This work requires a pipeline, the center of which lies in ReplicaDock as a docking method, but has functionalities that were absent in prior work. The goal is also to develop a one-stop shop without manual intervention (a prerequisite for biasing backbone sampling in ReplicaDock) that could be utilized by structural biologists efficiently.

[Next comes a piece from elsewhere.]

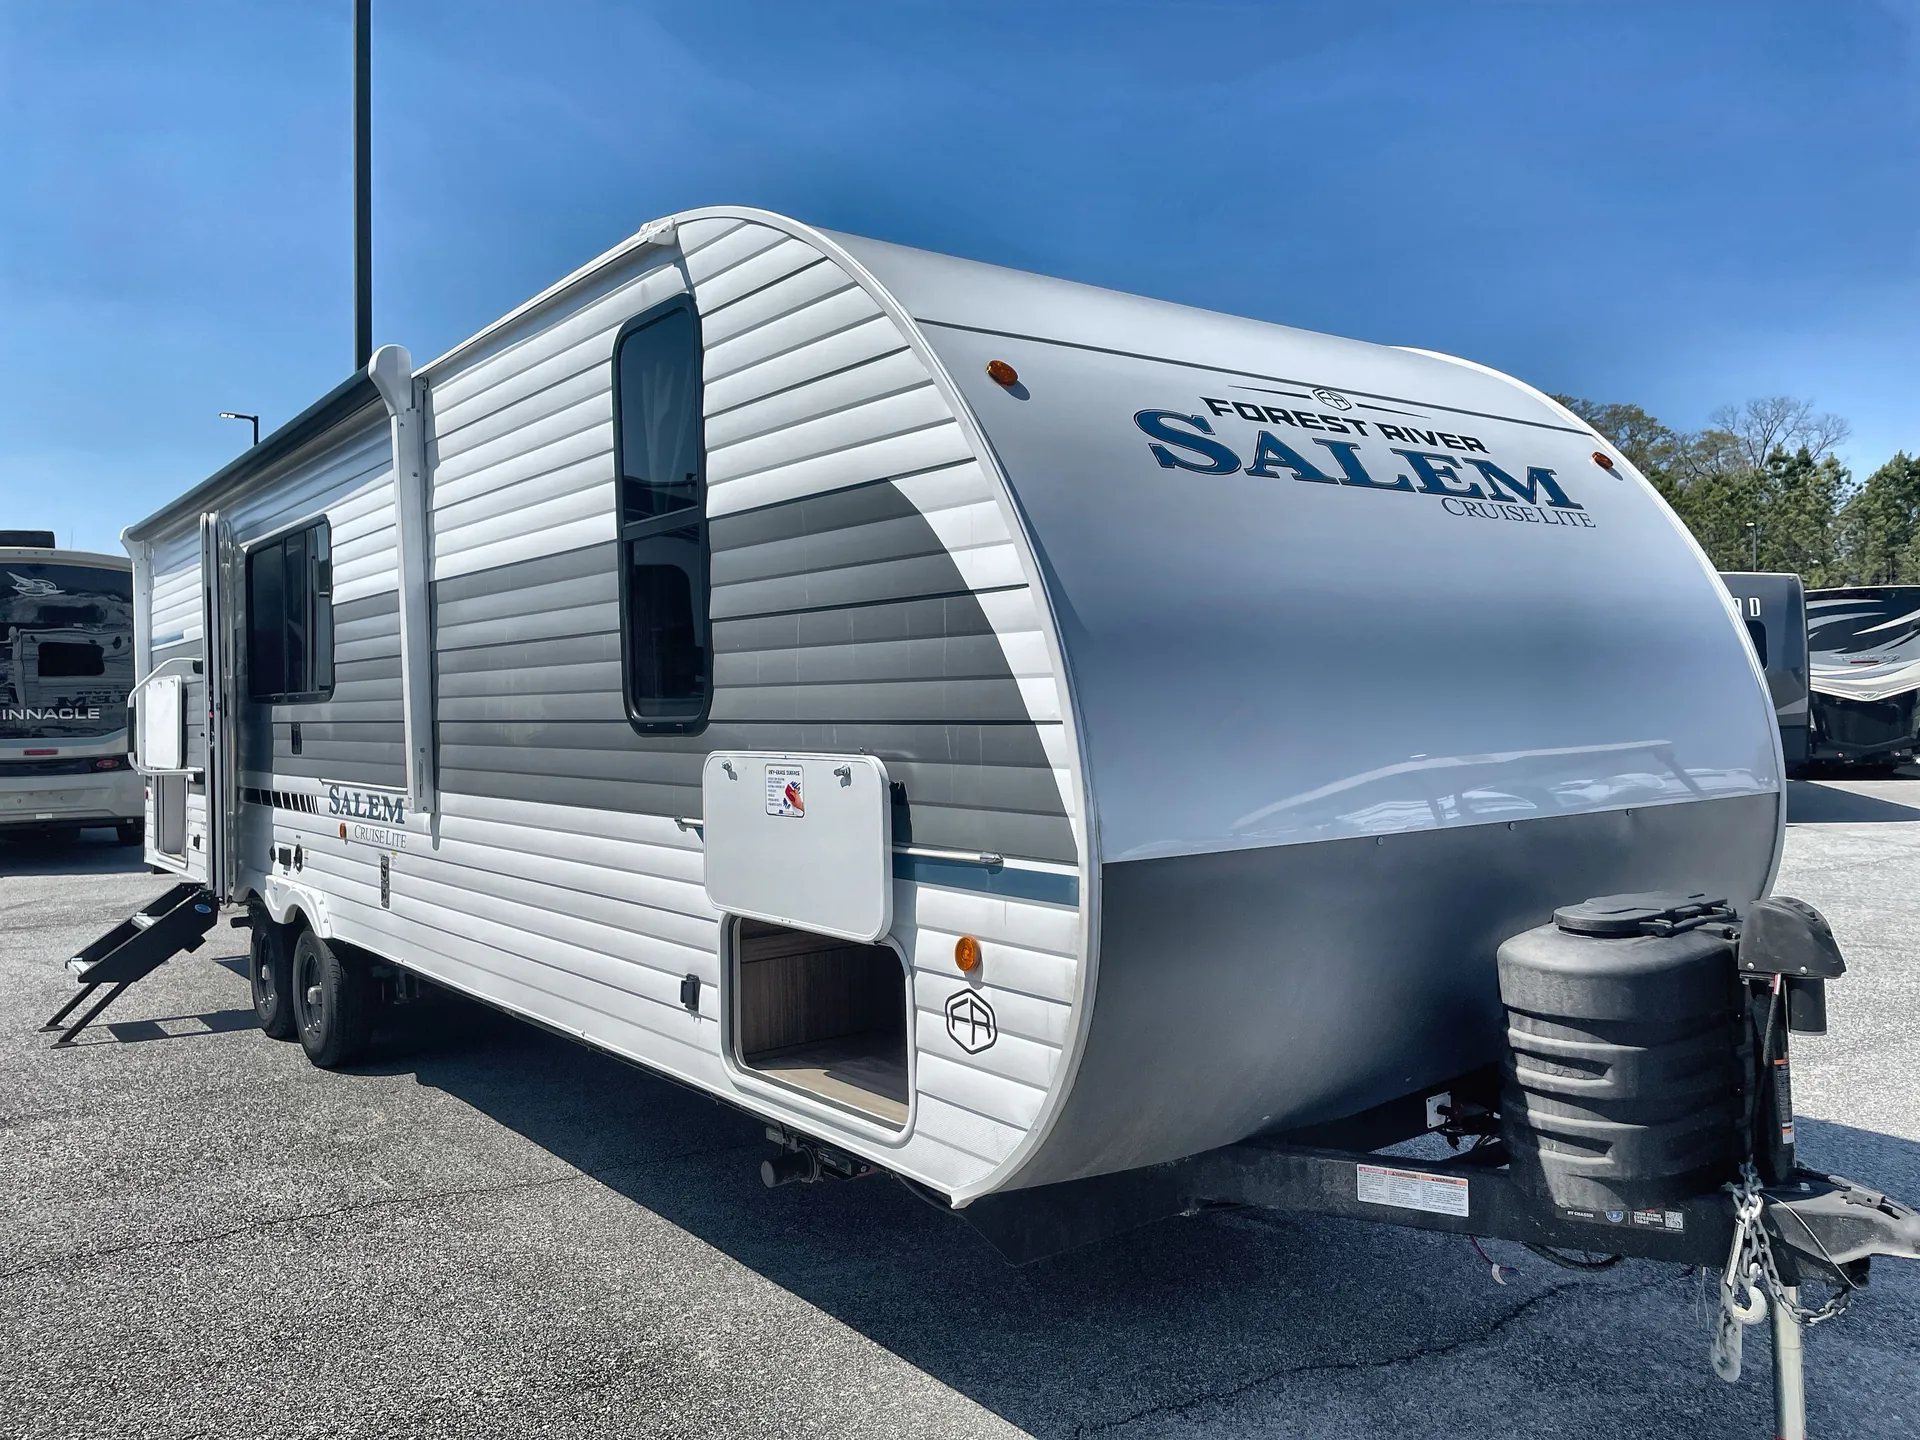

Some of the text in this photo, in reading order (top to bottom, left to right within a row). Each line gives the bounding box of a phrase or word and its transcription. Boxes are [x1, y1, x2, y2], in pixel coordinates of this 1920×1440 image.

[1199, 396, 1491, 454] FOREST RIVER
[1133, 408, 1584, 511] SALEM
[328, 784, 405, 825] SALEM

We clarify this points in the abstract and main text as follows:

Abstract: “In this work, we combine AlphaFold as a structural template generator with a physics-based replica exchange docking algorithm \add{to better sample conformational changes.”

Introduction:

“The overarching goal is to create a one-stop, fully-automated pipeline for simple, reproducible, and accurate modeling of protein complexes. We investigate the aforementioned questions and create a protocol to resolve AFm failures and capture binding-induced conformational changes. We first assess the utility of AFm confidence metrics to detect conformational flexibility and binding site confidence.”

These results also highlight several questions I try to describe in the weakness section below. In short, they boil down to the fact that the authors must show how good/bad ReplicaDock is at all targets (not only the ones where AFm fails. In addition, I have several more technical comments.

Strengths:

Impressive increase in performance on AB-AG set (although a small set and no proteins).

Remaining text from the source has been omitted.